Racism and gender intersect in their construction of variations of power through individual attitudes identifying individuals by points of difference in race and gender and through individual behaviors of using differences in race and gender to distinguish other groups of individuals (Pettman 1992, p. 60). First a point of variation in gender or race is identified- difference between individuals is noticed; this point of variation creates an individual’s attitude of the individuals being divided/ separated by this difference in race or gender; an individual’s attitude of separation from another-makes individual have an attitude that perceives the “other” individual only as separated from themselves based on race or gender;That point of variation in gender or race is then used again to separate in practice and eventually: form into an individual’s behavior of sorting, categorizing, dividing, and grouping individuals on the basis of differences perceived in the gender or race between themselves differently sorted /different groups of individuals; this individual behavior of sorting creates “groups of ‘OTHERS’” based on race or gender ( (Fozdar, Wilding & Hawkins 2012, p. Ix; Pettman 1992, p. 56). Ethnocentrism is a cause of any power variation (Moreton-Robinson 1999, p. 32-33).
Racism and gender intersect in their construction of disparities of power. They each start building through an individual attitude preference- that eventually contrives a rank of racism and gender into hierarchical scales. Next the pair continue constructing via individual behavioral practices- that forges a separation of races and genders into other groups of individuals on the hierarchical scale; acting to assign power disparities (Pettman 1992, p. 60). Using race and gender as mechanisms of categorization: classification distinguishes and forms“others as a group;” individual’s behavior practicing discriminating negligently forms an attitude toward the points of variations discriminated on; and subsequently begins to associate meaning to the sorted categories of race and gender: the individual’s attitude of race and gender is often biased and favors the category that they have grouped themselves into. Based on this, an individual forms their own preference in categories that expands the variations of race and gender as rankings, rated in a hierarchical system.This system this is the step where the bad notions of “other groups’” of genders and races come in: the attitude preferences instill disparities in the quality associated with- and therefore the power associated to groups of people. An individual often perceives differences in “other group(s)” a danger because it is unknown and a threat that risks what they do know; Fear influences individual’s behaviors toward groups of ‘others’ and it drives a need to act in a way that will “eliminate the threat;” this is exemplified to some degree in a great number of acts of racism and sexism. Shown, simply, by remarks like ‘they take our jobs’ or parents and adults of a community not allowing or limiting children’s exposure to the unknown “other group”(Pettman 1992, p. 56-60). Hughey (2011, p. 144-146) exemplifies this and depicts multifaceted effects of fear in his observations of the the white antiracist organization Whites for Racial Justice (WRJ):
The white male protection of white women from Black and Latino men accomplishes three goals. First, it reestablishes patriarchy through the assumption that white women need white men. The reification of this belief guides both the inter- and intra-gendered social interactions…Second, white male protective surveillance of white women from men of color discourages intimacy across the color line, maintaining a belief in white racial purity. Third, very few white members of either group questioned the assumption that black and Latino men posed a threat to white women, but instead used fear to propel their activism.

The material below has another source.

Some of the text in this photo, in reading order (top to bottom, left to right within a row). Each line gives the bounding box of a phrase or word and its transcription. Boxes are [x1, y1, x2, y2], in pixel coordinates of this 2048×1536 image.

These also depict the parallel outcomes of the Cronulla riots in December 2005; but also of those from the fear that constructed black male sexuality and the gender roles of black and Indigenous families (Ho 2007, p. 292; Hughey 2011, p. 143). Fear of difference and the division of races and genders is an ”instrument of domination” that moreover, these interpretations lead to the unjust behaviors that colonization, imperialsism and modernization instilled, like slavery, opression, and the Apartheid. Regarding ‘other(s)’ as distinct “for the purpose of excluding, exploiting or containing them;” an individual’s thoughts and actions may have a limited impact- in addition to its inconsistency- as a whole or an event, yet they are the quintessence of what creates communal variations of worth (Pettman 1992, p. 56).

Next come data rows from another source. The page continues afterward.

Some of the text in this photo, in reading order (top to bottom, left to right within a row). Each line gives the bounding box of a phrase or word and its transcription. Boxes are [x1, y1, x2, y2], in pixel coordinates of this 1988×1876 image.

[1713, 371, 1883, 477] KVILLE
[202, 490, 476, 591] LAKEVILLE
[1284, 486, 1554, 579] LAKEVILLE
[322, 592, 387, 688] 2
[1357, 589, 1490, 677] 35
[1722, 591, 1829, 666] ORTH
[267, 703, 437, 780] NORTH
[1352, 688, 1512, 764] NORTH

The simple action of categorization tends to fall into its predisposition and it grows into sexist and racist attitudes, both fortifying one another: ”Gender is coded to mean women; race is coded to mean black, or at least not-white,” proceeding until hinged by “superiority” of one side, the two sociological concepts independently and conjointly inflict themselves into the attitudes of an individual and eventually impose in one’s behaviors controlling communications by intra- and interpersonal relationships (Gianettoni 2010, p. 374-386). The resulting derivative of hierarchy is still saturated in its own deprave roots of power inequality-as thematic dominance remains constant to the dominant -“individuals who control this process (men, Whites, nationals, and so on)”- And only constantly absent to the individuals of the subjugated groups- “others”; “Other” has been objectified by their bodies, stereotyped/exploitation of their sexuality, limitated/ restraints put on their interracial contact, lessened/ identified as less in order to help someone else (dominant) create/find an identity (Hughey 2011, p. 143; Gianettoni 2010, p. 374-386).Women bear alternative experiences of the male’s and the public’s power disparities through the combined subjection of race and gender- making their respective discrimination: Notably within categories of the labor market, the ideals of gender and feminen roles, and in subjections to danger; the additional increase of apathy in response to these happenings is commonly attributed to the female experience as well (Pettman 1992, p. 54-77). The roles of women in the labor markets have been vastly socially and economically under-valued in addition to their lack of respect and payments (Gianettoni 2010, p. 375; Pettman 1992, p. 75). Constructed ideals of gendered roles buttress women as ‘dependent’ and ‘passive,’ undermining their value and the value of their contributions at home, as well (Pettman 1992, p. 68 & 75-76). Both of these in turn accent gendered inequality favoring men’s rights and merit.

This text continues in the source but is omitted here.